Un viaggio attraverso ottant’anni di osservazioni meteorologiche per comprendere come è cambiato il clima a Faenza e quali prospettive si delineano per il futuro del territorio.
L’incontro del 22 aprile al Museo Malmerendi
Si terrà mercoledì 22 aprile alle 20.30, presso il Museo Civico di Scienze Naturali Malmerendi, l’incontro dal titolo «Faenza: ottant’anni di dati e cronache climatiche».
L’iniziativa vedrà la partecipazione di Enzo Bagnaresi, Roberto Gentilini, Giovanni Pezzi e Giorgio Della Valle, mentre i relatori saranno Oscar Menni, Paolo Della Valle e Mateo Vignoli.
Ottant’anni di osservazioni meteorologiche
L’Osservatorio Meteorologico Torricelli di Faenza dispone di dati meteorologici che risalgono ai primi anni del dopoguerra: un patrimonio di circa ottant’anni di osservazioni accurate sul clima locale.
Grazie alla collaborazione tra l’Associazione Meteorologica Torricelli e Legambiente Lamone Faenza, questa rilevante mole di dati è stata recentemente digitalizzata e resa disponibile per l’analisi.
L’analisi del periodo 1995-2025
In particolare, il periodo compreso tra il 1995 e il 2025 è descritto da una serie accurata, dettagliata e omogenea di dati che consentono di eseguire un’analisi climatologica completa. Un arco temporale di trent’anni rappresenta infatti il riferimento minimo per studi di questo tipo.
L’analisi climatologica permette di osservare e individuare eventuali cambiamenti nel susseguirsi delle condizioni meteorologiche quotidiane, offrendo una base oggettiva per comprendere l’evoluzione del clima.

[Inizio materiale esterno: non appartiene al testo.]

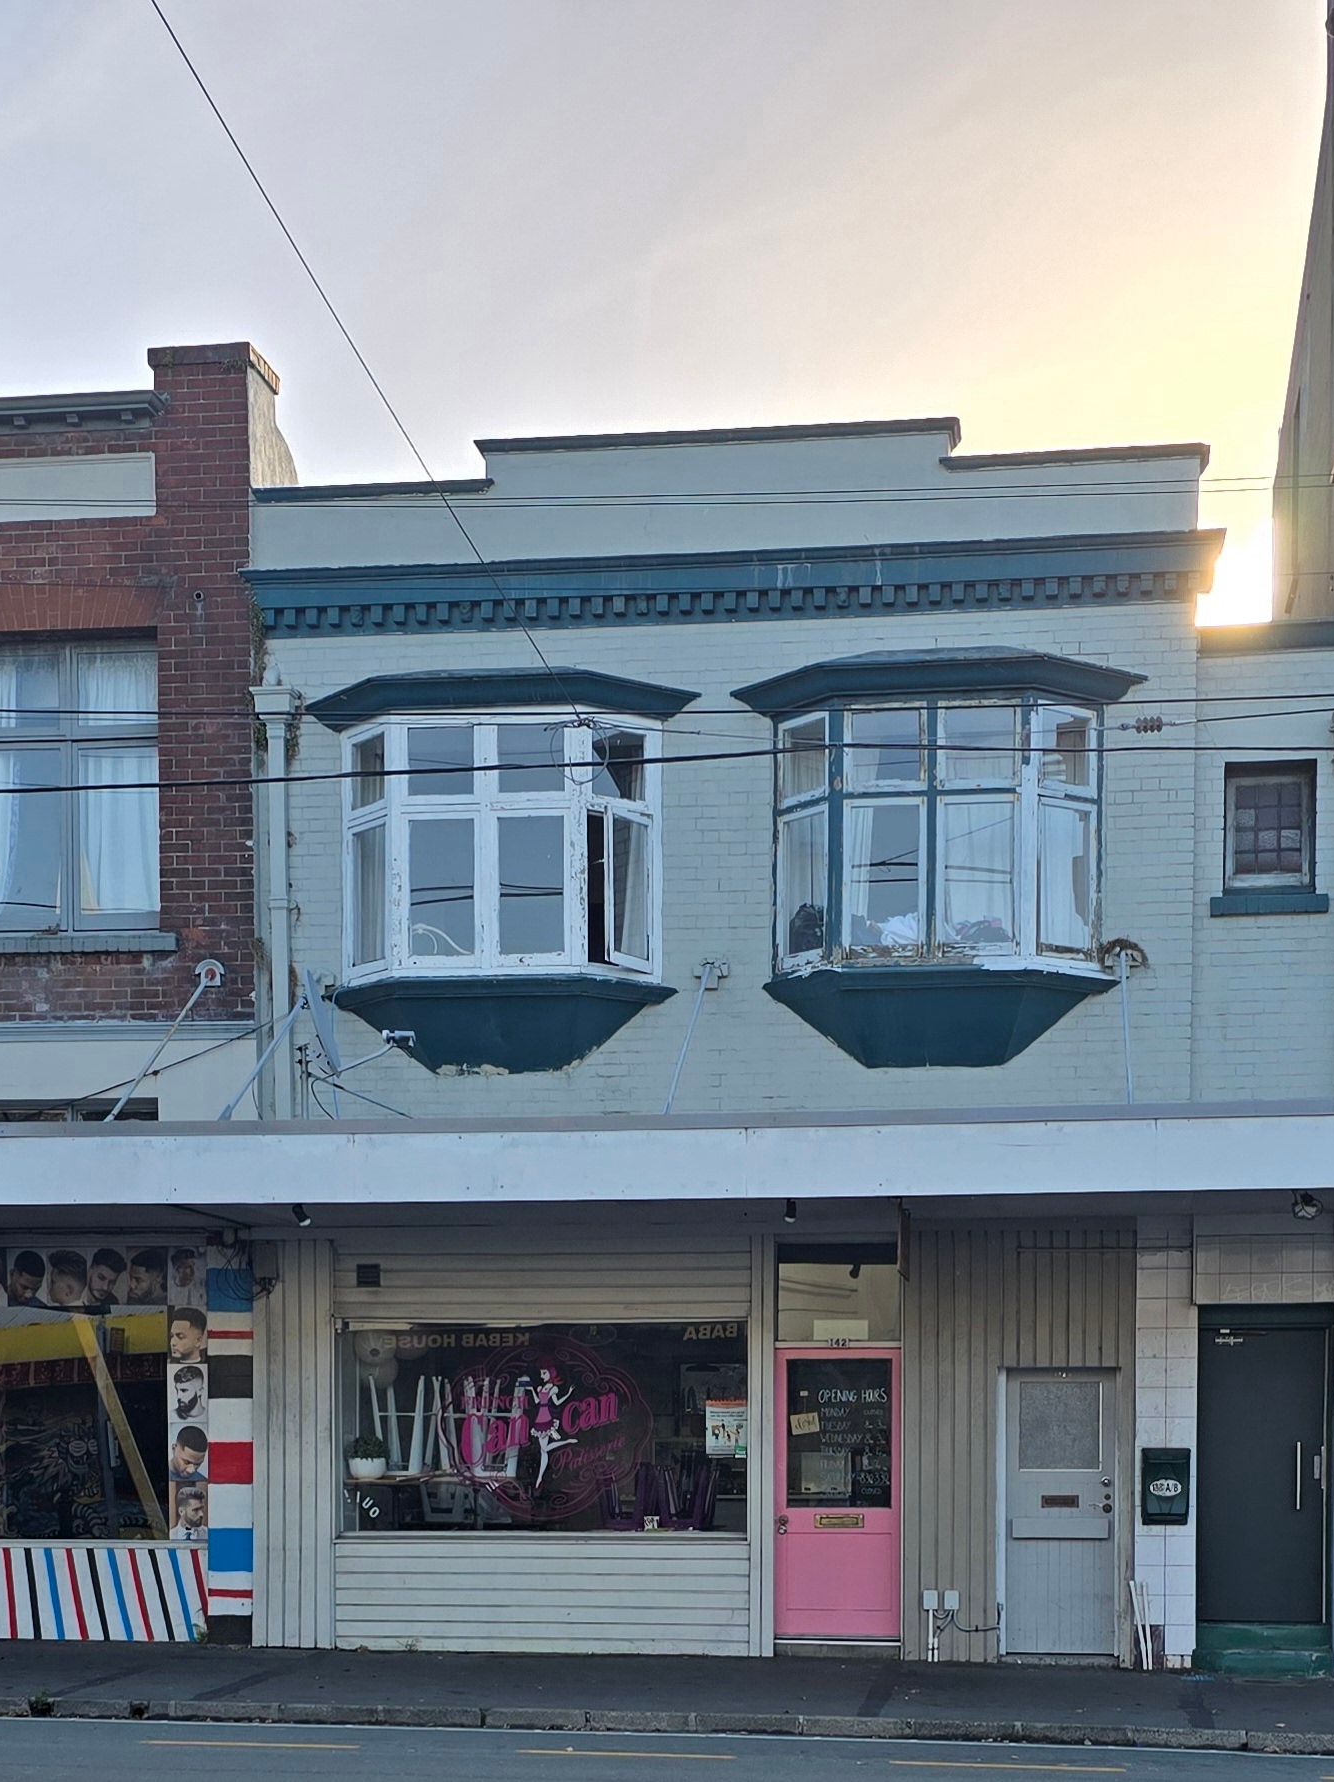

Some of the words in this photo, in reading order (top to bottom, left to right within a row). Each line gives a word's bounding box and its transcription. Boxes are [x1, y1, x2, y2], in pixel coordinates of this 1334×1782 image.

Dai dati alle percezioni: un confronto necessario
Non è raro incontrare opinioni secondo cui il clima attuale non sarebbe diverso da quello del passato. Proprio per questo nasce l’esigenza di verificare tali convinzioni attraverso i dati oggettivi messi a disposizione dall’Osservatorio.
L’iniziativa è stata condivisa anche dalla Società Torricelliana di Scienze e Lettere, dando vita a una collaborazione che ha coinvolto anche tre giovani impegnati nello studio e nella gestione dei dati ambientali.
I risultati e le prospettive per il territorio
Nel corso della serata, inserita nel programma della Primavera Scientifica 2026, Oscar Menni, Paolo Della Valle e Mateo Vignoli illustreranno i risultati emersi dall’analisi dei dati pluriennali sul clima a Faenza.
Dallo studio emerge come il clima locale sia cambiato, stia cambiando e continuerà a cambiare. Un dato che può non sorprendere, ma che colpisce per l’entità delle trasformazioni rilevate.
L’auspicio è che i risultati di questo lavoro possano diventare elementi utili per approfondire e argomentare le problematiche ambientali del territorio, contribuendo a una maggiore consapevolezza collettiva.